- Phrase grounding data

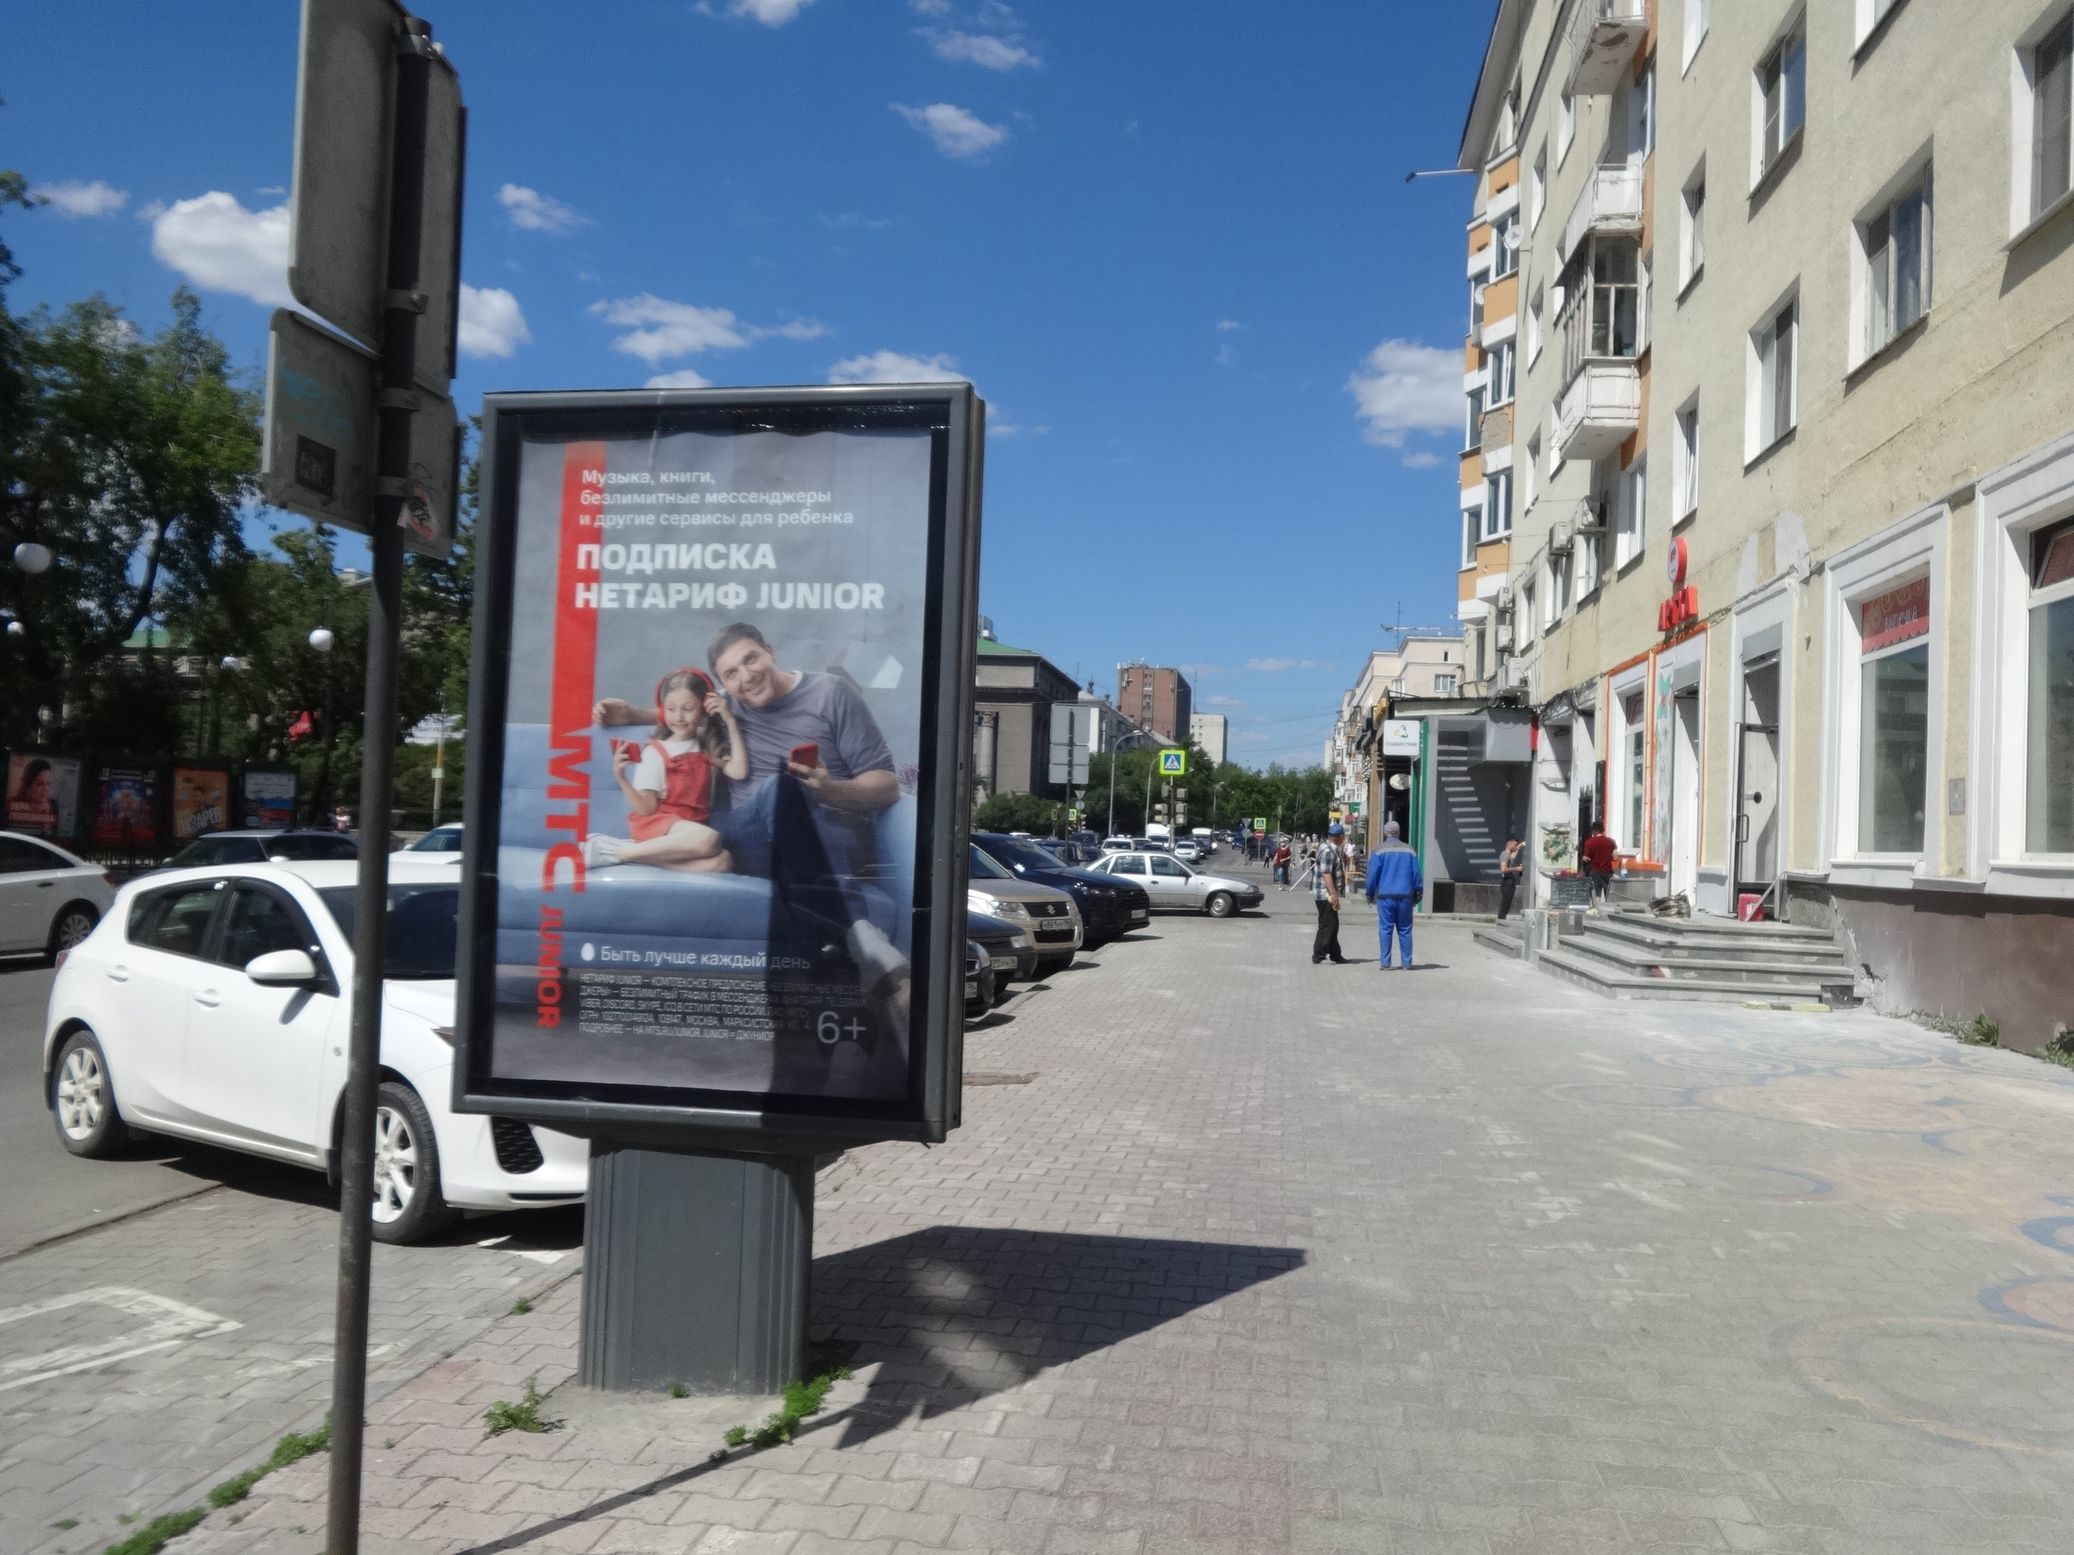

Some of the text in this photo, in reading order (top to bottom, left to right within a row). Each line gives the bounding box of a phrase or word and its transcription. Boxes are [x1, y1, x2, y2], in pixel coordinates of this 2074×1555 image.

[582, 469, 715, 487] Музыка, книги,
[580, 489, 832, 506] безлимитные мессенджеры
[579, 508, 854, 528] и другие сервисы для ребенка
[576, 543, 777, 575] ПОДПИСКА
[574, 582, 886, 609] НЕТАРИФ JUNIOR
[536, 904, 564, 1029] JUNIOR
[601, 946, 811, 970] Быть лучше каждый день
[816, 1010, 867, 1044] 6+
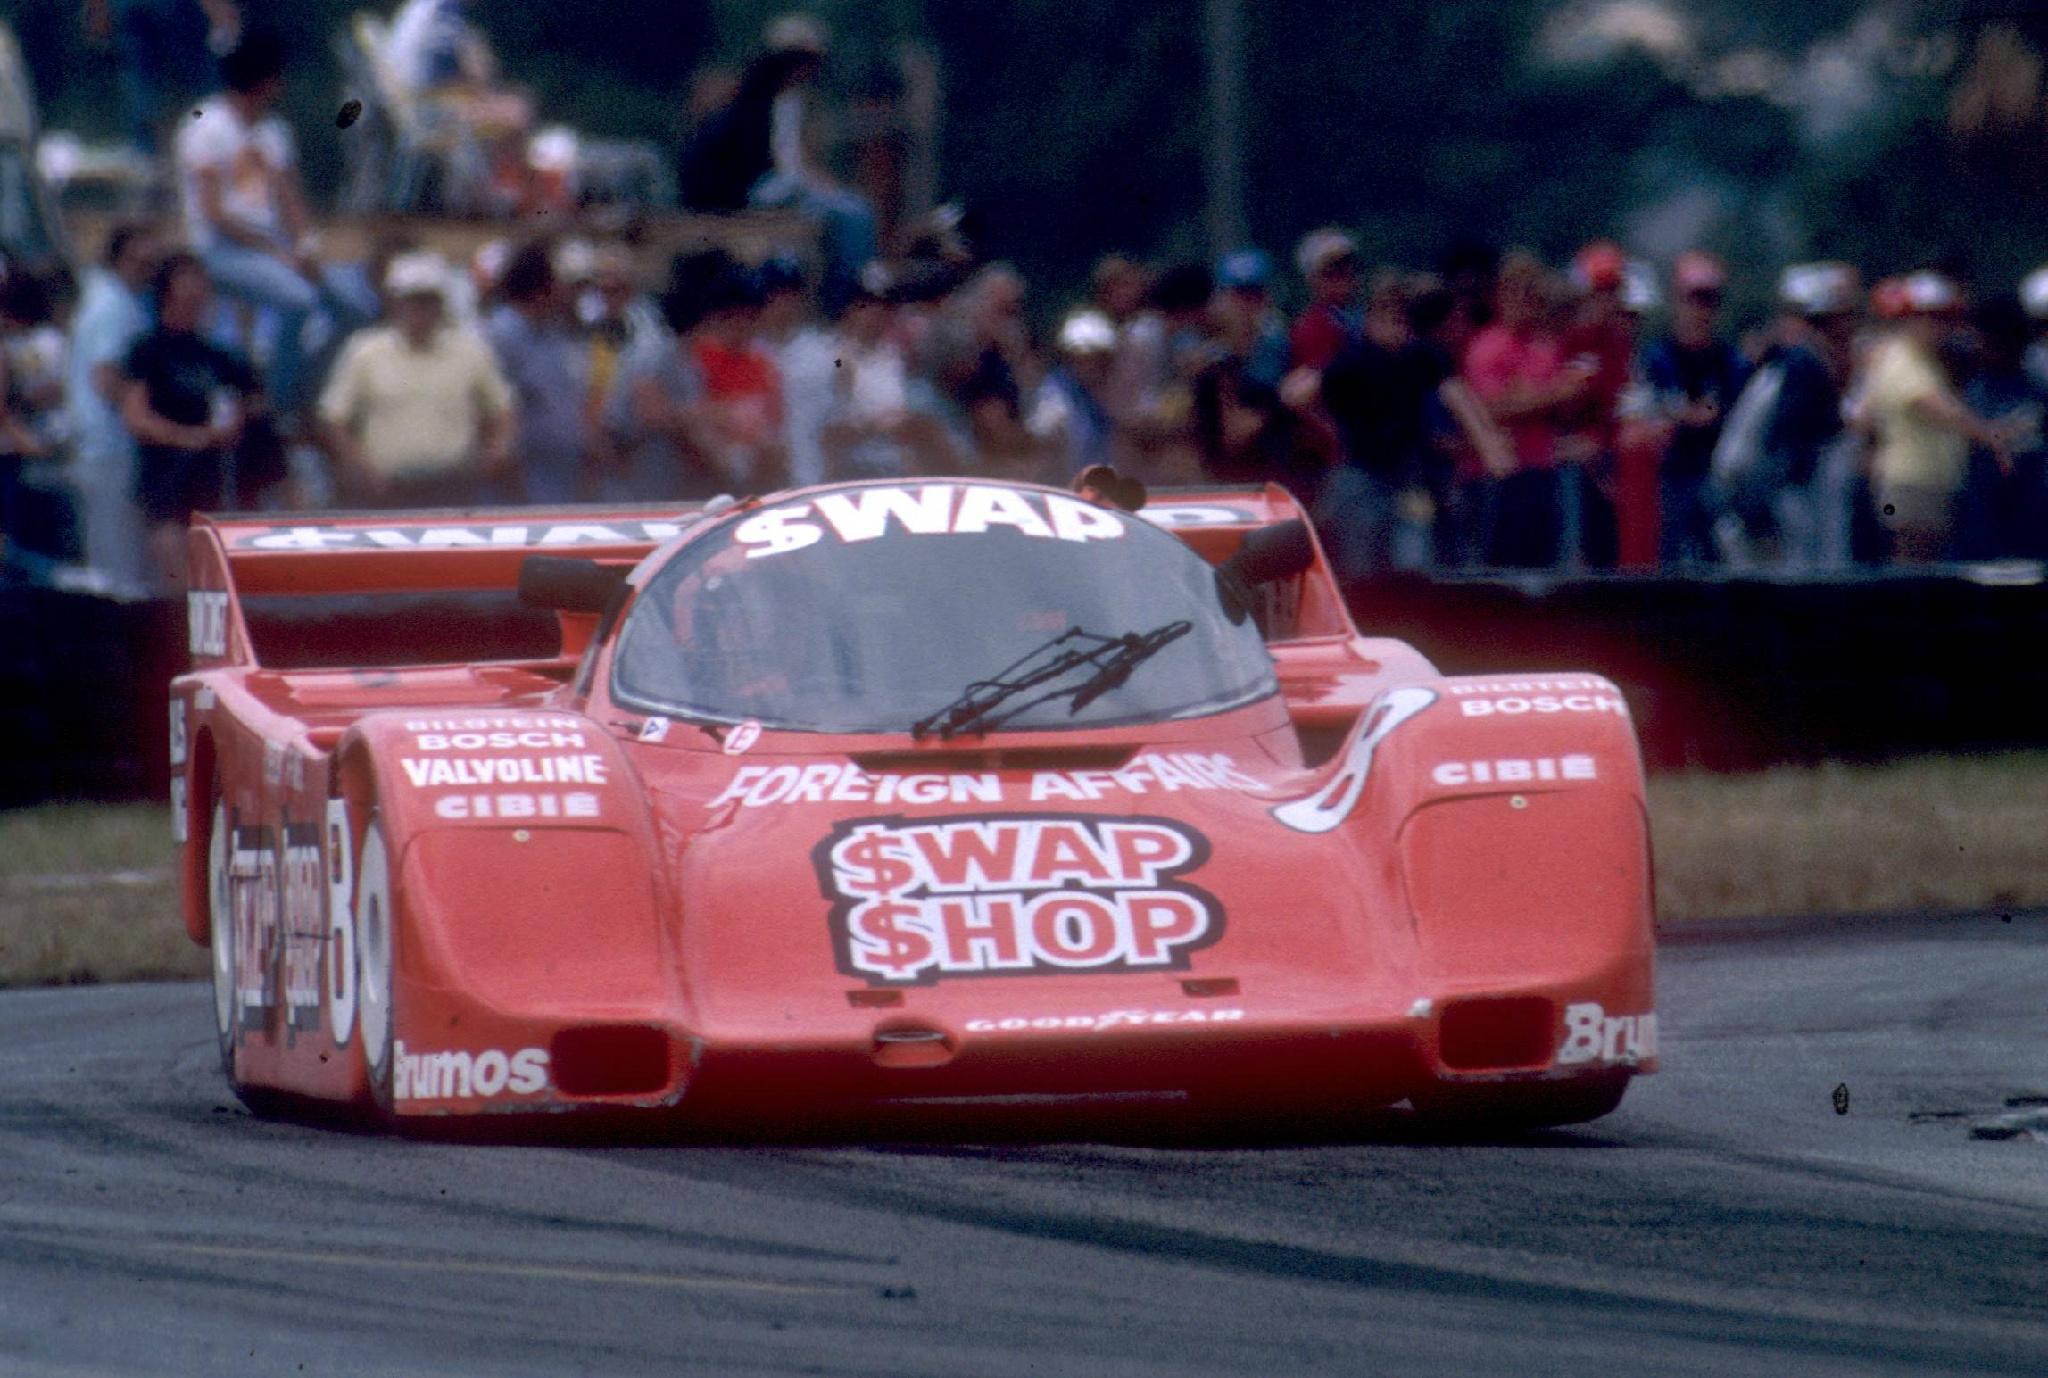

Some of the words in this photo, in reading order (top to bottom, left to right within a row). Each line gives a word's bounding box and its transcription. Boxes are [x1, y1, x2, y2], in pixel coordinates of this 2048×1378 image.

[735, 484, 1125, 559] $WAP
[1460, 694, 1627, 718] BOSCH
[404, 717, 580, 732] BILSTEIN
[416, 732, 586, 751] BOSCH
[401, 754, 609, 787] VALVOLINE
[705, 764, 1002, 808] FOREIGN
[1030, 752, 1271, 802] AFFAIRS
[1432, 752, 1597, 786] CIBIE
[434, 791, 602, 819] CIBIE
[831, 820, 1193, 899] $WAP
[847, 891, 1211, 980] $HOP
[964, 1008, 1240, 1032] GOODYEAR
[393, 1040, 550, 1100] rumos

- WORK INSTRUCTIONS
Having found the line with "Some of the words", transcribe it and each line after it to the end of the entries, with no other lines.

- WRITTEN SOLUTION
Some of the words in this photo, in reading order (top to bottom, left to right within a row). Each line gives a word's bounding box and its transcription. Boxes are [x1, y1, x2, y2], in pixel coordinates of this 2048×1378 image.

[735, 484, 1125, 559] $WAP
[1460, 694, 1627, 718] BOSCH
[404, 717, 580, 732] BILSTEIN
[416, 732, 586, 751] BOSCH
[401, 754, 609, 787] VALVOLINE
[705, 764, 1002, 808] FOREIGN
[1030, 752, 1271, 802] AFFAIRS
[1432, 752, 1597, 786] CIBIE
[434, 791, 602, 819] CIBIE
[831, 820, 1193, 899] $WAP
[847, 891, 1211, 980] $HOP
[964, 1008, 1240, 1032] GOODYEAR
[393, 1040, 550, 1100] rumos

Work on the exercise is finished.